Emmanuel, el hijo de la guerra
Carolina Gutiérrez Torres
Tomado de EL ESPECTADOR. COM
Recién nacido, el enfermero de la guerrilla lo llevó al campamento de los policías y militares secuestrados por las Farc, que estaba contiguo al lugar donde permanecía la madre, Clara Rojas, y los otros políticos retenidos por el grupo guerrillero.
“Emmanuel era un niño blanquito y flaquito —dice John Frank Pinchao, intendente de la Policía que escapó de las Farc el 28 de abril de 2007, después de ocho años de cautiverio—. En el nacimiento tuvo un problema con el bracito, lo jalaron mal, entonces tuvieron que ponerle una férula”.
Lo llevaron al campamento, porque los militares le tenían regalos hechos con sus ropas descosidas: gorras, sudaderas, sacos, hasta ropa interior. “Cuando nos vio, empezó a llorar. El guerrillero lo cogió, y así se calmó”.
Pinchao sólo estuvo cerca de Emmanuel unos meses porque helicópteros del Ejército empezaron a sobrevolar la zona y todos tuvieron que desalojar el campamento. Durante veinte días, políticos, policías y militares secuestrados caminaron hasta llegar a otros campamentos, donde fueron separados en grupos de diez rehenes. Desde ese momento, Íngrid Betancourt y Clara Rojas estuvieron separadas. Durante la caminata, una guerrillera, siempre adelante, llevaba al pequeño entre sus brazos. Esa fue la última vez que Pinchao lo vio, pequeñito y flaquito todavía.
Según las cuentas de Pinchao, Emmanuel nació a principios de 2004 en un campamento que llamaban Caño Caribe. El país sólo tuvo noticias de él dos años más tarde, en abril de 2006, cuando el periodista Jorge Enrique Botero publicó su libro Últimas noticias de la guerra.
Según el libro, el parto fue en una trinchera, en medio de un enfrentamiento. Clara Rojas “aseguraba que su bebé se había dado vuelta por los brincos del bombardeo (…). Fue un parto en la oscuridad, alumbrado sólo por los bombardeos que caían sobre nuestro pedazo de selva, con el chinito que no salía y la madre rogándome que le hiciera una cesárea; yo, sin herramientas, a duras penas con los cuchillos de la rancha y el hilo de reparar los equipos (…). Cuando la criatura pegó el primer berrido, yo sentí la alegría más grande que recuerde”, dice el libro, citando el testimonio de una guerrillera llamada Solangie.

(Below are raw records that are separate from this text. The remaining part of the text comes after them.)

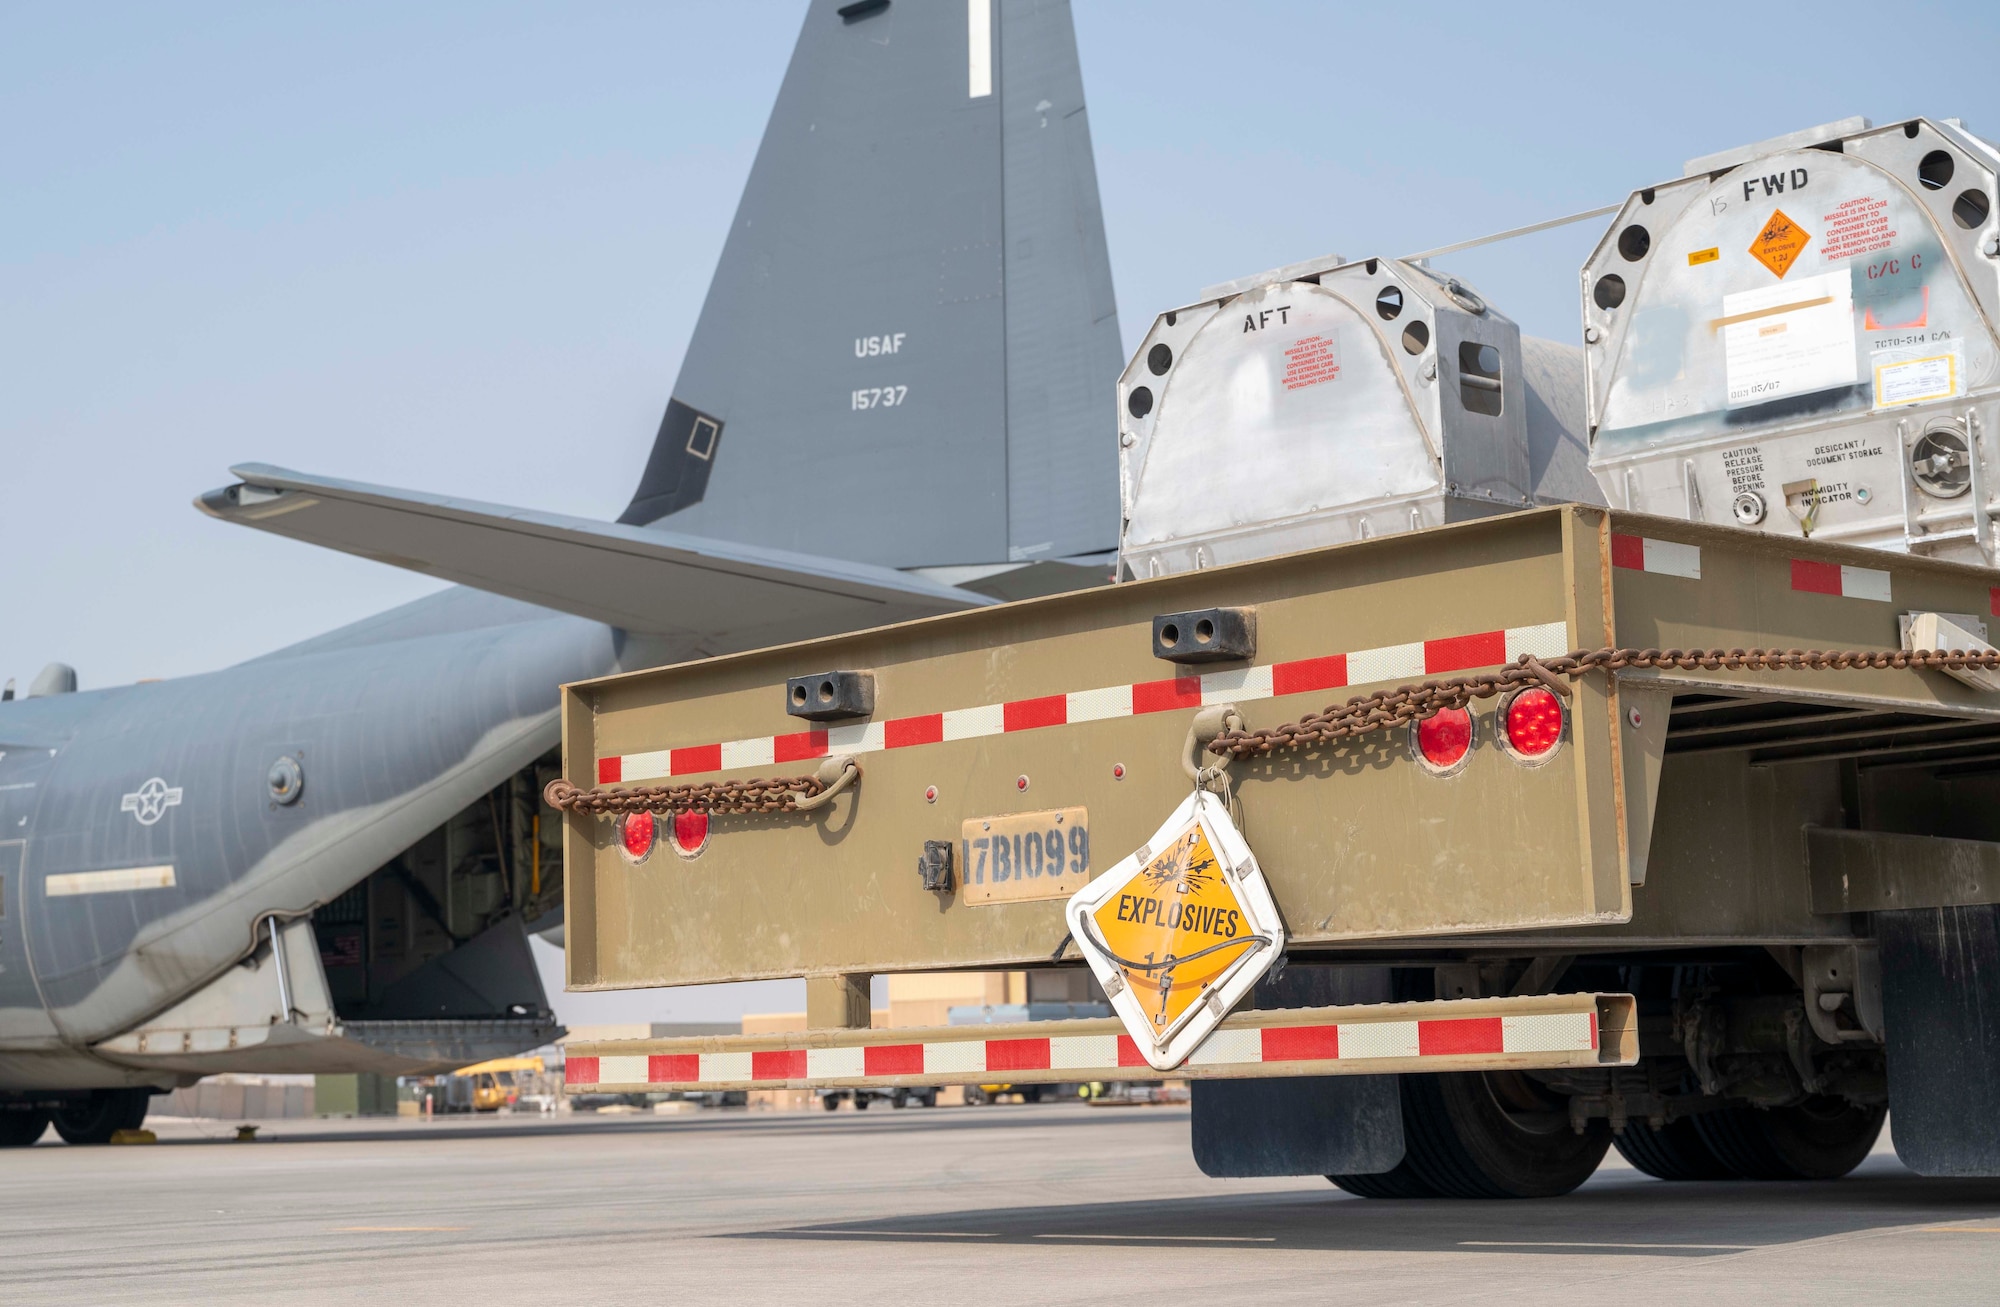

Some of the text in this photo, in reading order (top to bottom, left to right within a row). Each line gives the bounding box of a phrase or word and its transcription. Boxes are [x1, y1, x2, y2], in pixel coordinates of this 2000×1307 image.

[1743, 168, 1808, 201] FWD
[1710, 195, 1728, 216] 15
[1824, 210, 1848, 222] MISSILE
[1867, 200, 1888, 210] CLOSE
[1826, 216, 1888, 237] CONTAINER COVER
[1833, 210, 1880, 227] PROXIMITY TO
[1820, 231, 1896, 254] WHEN REMOVING AND
[1828, 225, 1888, 245] USE EXTREME CARE
[1763, 242, 1796, 254] EXPLOSIVE
[1828, 240, 1891, 260] INSTALLING COVER
[1772, 253, 1788, 262] 1.2J
[1868, 254, 1922, 279] C/C C
[1244, 306, 1291, 333] AFT
[855, 332, 906, 358] USAF
[1284, 347, 1303, 356] MISSILE
[1318, 339, 1333, 348] CLOSE
[1875, 334, 1925, 348] TCTO-514
[1287, 354, 1333, 369] CONTAINER COVER
[1292, 350, 1318, 360] PROXIMITY
[1298, 364, 1319, 373] EXTREME
[1321, 360, 1333, 368] CARE
[1299, 369, 1326, 380] REMOVING
[1288, 374, 1335, 390] INSTALLING COVER
[1752, 380, 1780, 393] 05/07
[852, 385, 908, 411] 15737
[1722, 446, 1758, 459] CAUTION
[1814, 440, 1858, 455] DESICCANT
[1724, 455, 1763, 468] RELEASE
[1806, 447, 1882, 467] DOCUMENT STORAGE
[1726, 464, 1764, 477] PRESSURE
[1732, 473, 1762, 484] BEFORE
[1733, 482, 1765, 493] OPENING
[1801, 492, 1852, 507] INICATOR
[1117, 894, 1239, 938] EXPLOSIVES

El periodista Botero señala que el género de su obra es “periodismo de ficción”, con el fin de justificar los detalles inexplicables que da en el libro. Conversaciones entre el padre del niño —un guerrillero raso, llamado Ringo en el texto, uno de tres hermanos guerrilleros nacidos en el barrio Policarpa de Bogotá— y su hermano, o confesiones como ésta: “Ayer pude ver a doña Clara de lejos, cuando la trasladaban a otro campamento. Me pillé la barriga que tiene y me quedé pensando: ‘Ahí va mi hijo’ ”.
También, a través de este texto, las declaraciones de Manuel Marulanda, Tirofijo, sobre el nacimiento de Emmanuel, tuvieron eco en todo el mundo. “La criaturita es mitad de ellos y mitad de nosotros”, sentenció el jefe máximo de las Farc.
Sólo hasta el 18 de mayo de 2007 las Ultimas noticias de la guerra pasaron de las páginas del libro a un testimonio vivo, de no ficción. El intendente Pinchao confirmó la existencia del pequeño, “al que algunos guerrilleros bautizaron (un rato después del nacimiento) ‘Bombardeo Rojas’, y otros, ‘Acuerdito humanitario’”, según la obra de Botero. El verdadero nombre del niño sólo se sabría por las declaraciones de Pinchao, quien reveló que el pequeño nacido en la selva se llamaba Emmanuel, el rehén más joven del mundo.
Cuando se difundió la noticia, Clara González de Rojas, la abuela, conmovida, dijo: “¿Quién como madre no siente deseo de abrazar a su hija, de apoyarla en la maternidad? Siento dolor, porque tengo y no tengo… no puedo darle la bienvenida a mi nieto, no puedo desplegarle todo este afecto que siento. Los hijos y los nietos son la prolongación de nuestra existencia. Mi familia necesita conocer a Emmanuel, hijo de mi única hija mujer, de quien también me han alejado”. Desde entonces las noticias, las declaraciones del Gobierno y los comunicados de los actores en conflicto la han ilusionado y herido, indistintamente. Por eso ahora, en silencio, con discreción, espera la llegada de la hija y el nieto. Aguarda el final de una espera de cinco años y diez meses.